En este contexto, México tiene la oportunidad de integrarse en esta cadena de valor como un proveedor complementario a la economía estadounidense, en un escenario similar al de Taiwán. Sin embargo, expertos advierten que aún falta preparación para que el país destaque en semiconductores: carece de un ecosistema completo de insumos y talento técnico, indispensable para fortalecer esta industria. La escasez de ingenieros especializados en Estados Unidos —que enfrenta un déficit de 27,000 profesionales en el área— podría abrir espacios para que México desarrolle su capital humano en esta área estratégica.

La academia y los centros tecnológicos mexicanos juegan un papel crucial en la detección de necesidades de formación y en la generación de talento técnico en microelectrónica. La colaboración con universidades y la creación de incentivos para la inversión en investigación y desarrollo serán esenciales para acelerar este proceso.

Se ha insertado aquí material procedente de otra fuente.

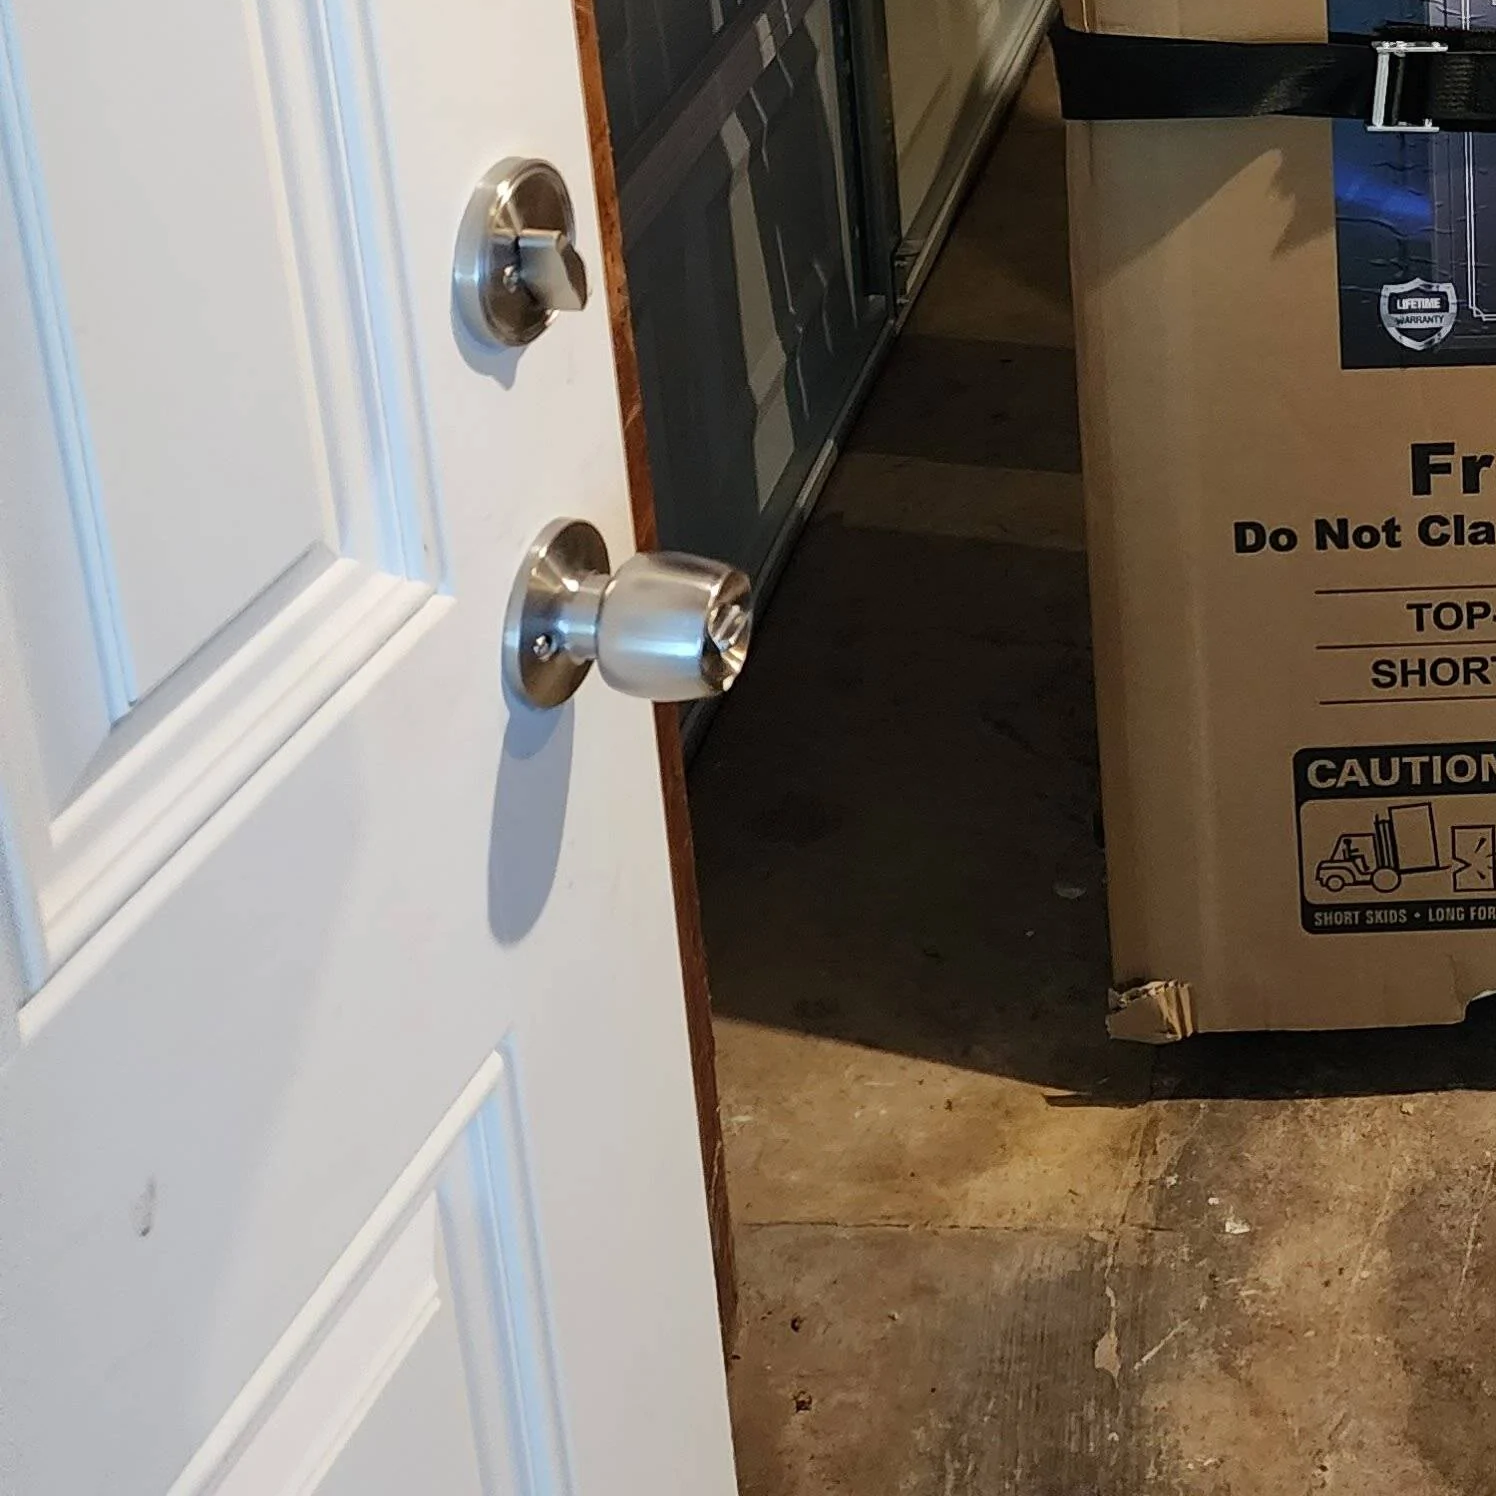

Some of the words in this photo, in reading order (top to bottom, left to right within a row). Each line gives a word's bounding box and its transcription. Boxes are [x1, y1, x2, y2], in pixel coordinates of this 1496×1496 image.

[1397, 297, 1441, 310] LIFETIME
[1396, 315, 1444, 324] WARRANTY
[1234, 522, 1298, 554] Do
[1315, 516, 1402, 550] Not
[1314, 910, 1360, 926] SHORT
[1366, 908, 1407, 924] SKIDS
[1428, 907, 1465, 922] LONG

El momento vigente es clave para que México aproveche su cercanía con Estados Unidos y las futuras oportunidades que brindará una renegociación del Tratado entre México, Estados Unidos y Canadá (T-MEC). La estrategia de establecer plantas de ensamblaje, pruebas y empaquetado de semiconductores —en lugar de la producción en obleas— podría iniciar en el próximo año, logrando en unos cuatro años un volumen estable de manufactura. La participación activa en esta cadena agregar valor y fortalecer la autosuficiencia tecnológica, siempre que las políticas públicas faciliten las condiciones para la inversión privada.

Este esfuerzo estratégico no solo requiere inversión, sino también un compromiso gubernamental claro para hacer del país un polo de desarrollo en microelectrónica, alineado con las tendencias internacionales y las necesidades del mercado global.